The rainbow signifies unity from diversity. It is holistic. The arch suggests the idea of looking at the over-arching concepts: the big picture. To create a rainbow requires air, fire (the sun) and water (raindrops) and us to see it from the earth.
Juice suggests an extract; hence rainbow juice is extracting the elements from the rainbow, translating them and making them accessible to us. Juice also refreshes us and here it symbolises our nutritional quest for understanding, compassion and enlightenment.

Thursday, 30 October 2025

Happy Hour

In many countries of the world pubs, inns, and restaurants advertise a Happy Hour. Usually in the early evening, Happy Hour is marked by reduced prices for drinks in a marketing effort to get customers in at a time when the venue is quiet.

In Australia graduating High School students engage in what is known as Schoolies Week. This is a week following the end of final year exams. Sadly, this time can be marred by heavy drinking, drugs, and violence.

Both these cultural occasions may be poor substitutes for activities now lost from our westernised experience.
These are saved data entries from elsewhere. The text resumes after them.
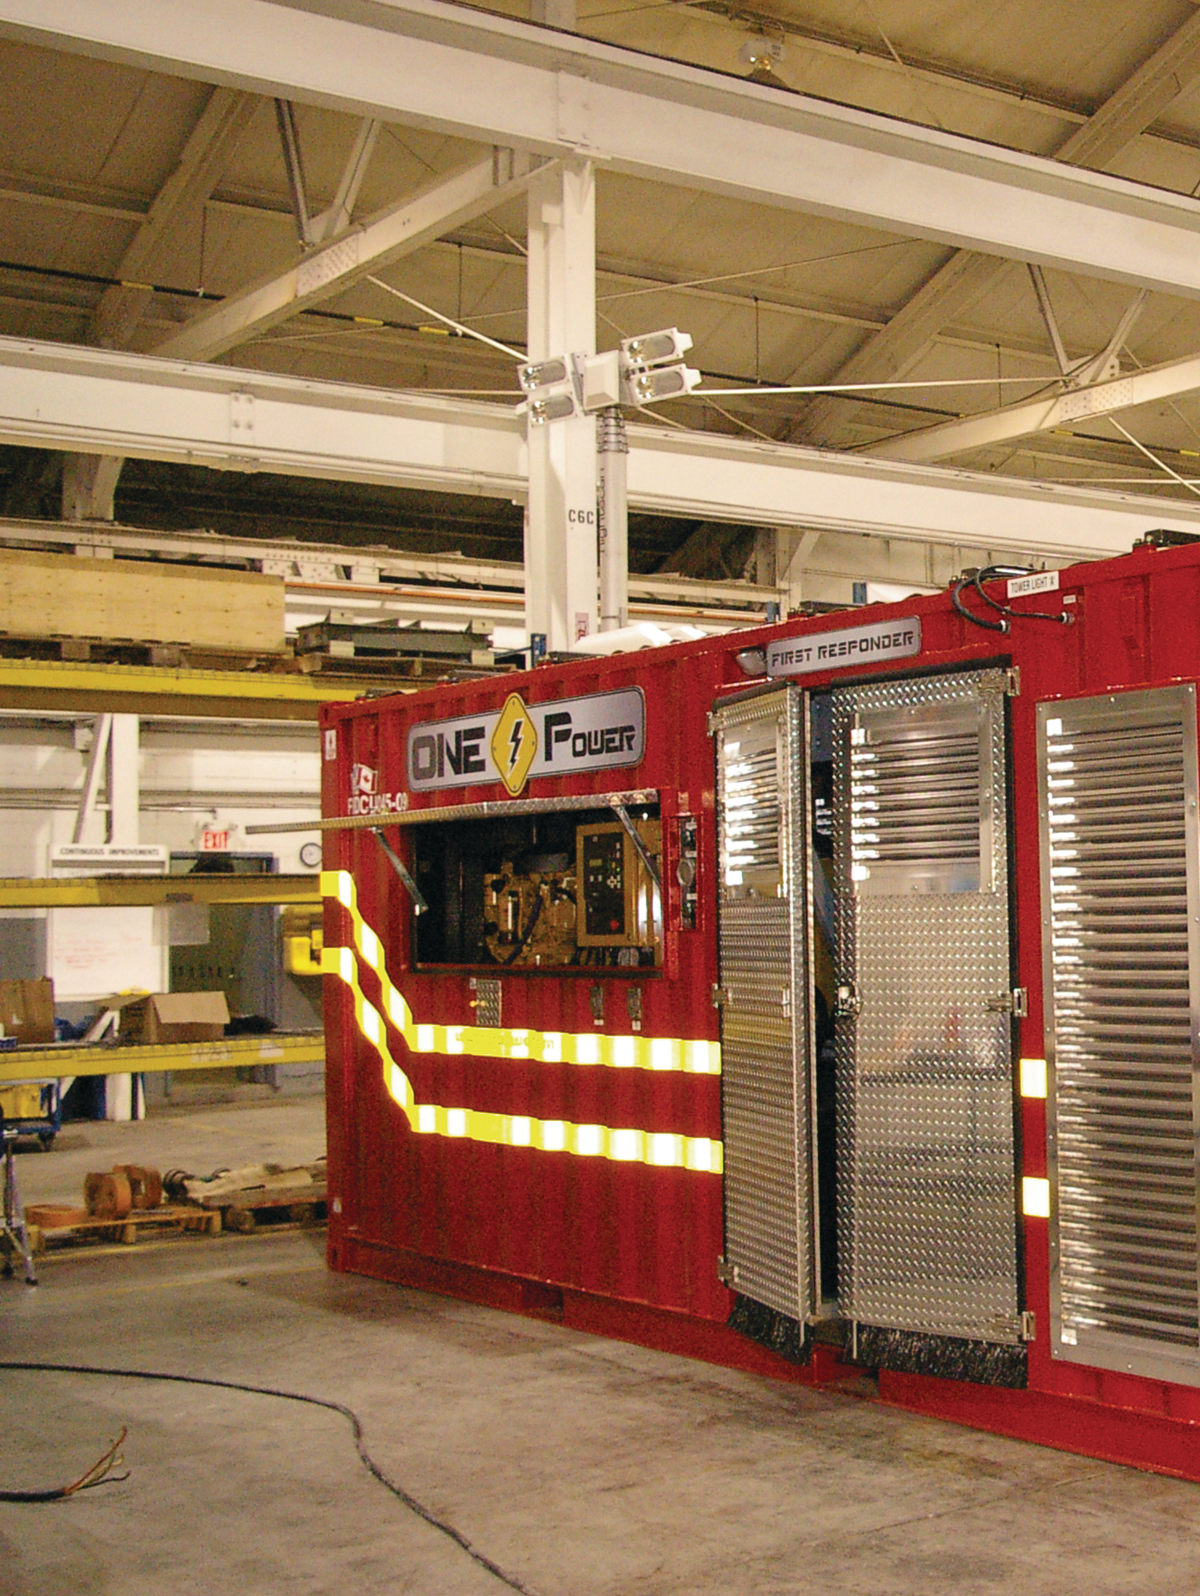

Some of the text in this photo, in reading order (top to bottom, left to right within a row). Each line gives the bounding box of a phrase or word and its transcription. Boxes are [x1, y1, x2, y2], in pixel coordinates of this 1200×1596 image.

[568, 508, 595, 525] C6C
[1011, 580, 1031, 594] TOWER
[1031, 576, 1048, 590] LIGHT
[772, 631, 914, 667] FIRST RESPONDER
[412, 711, 637, 781] ONE POWER
[204, 831, 229, 849] EXIT
[60, 847, 160, 856] CONTINUOUS IMPROVEMENTS
Thousands of years ago before we began to settle in large towns and villages, our community would have come together around a fire. We would have shared food, told stories, sung songs, and danced together. It would have been a time for rejoicing, laughing, and connecting. It would have been the time when stories of the hunt would have been told, or the location of a tree about to bear fruit was mentioned. Perhaps an Elder or the Shaman of the clan would have re-enacted the clan’s history.

Is this what Happy Hour tries to duplicate, but without understanding what it is being resurrected? Without true Elders and Shaman Happy Hour can only ever be a semblance of what has been.

So too, Schoolies Week is a pitiable surrogate for the coming-of-age rituals that once marked the transition from childhood to adulthood in our cultural past?

Yet there is a memory in these modern-day events. Although we may have lost and forgotten the ceremonies, rituals, and rites that marked our time many millennia ago, we instinctively know that something is missing.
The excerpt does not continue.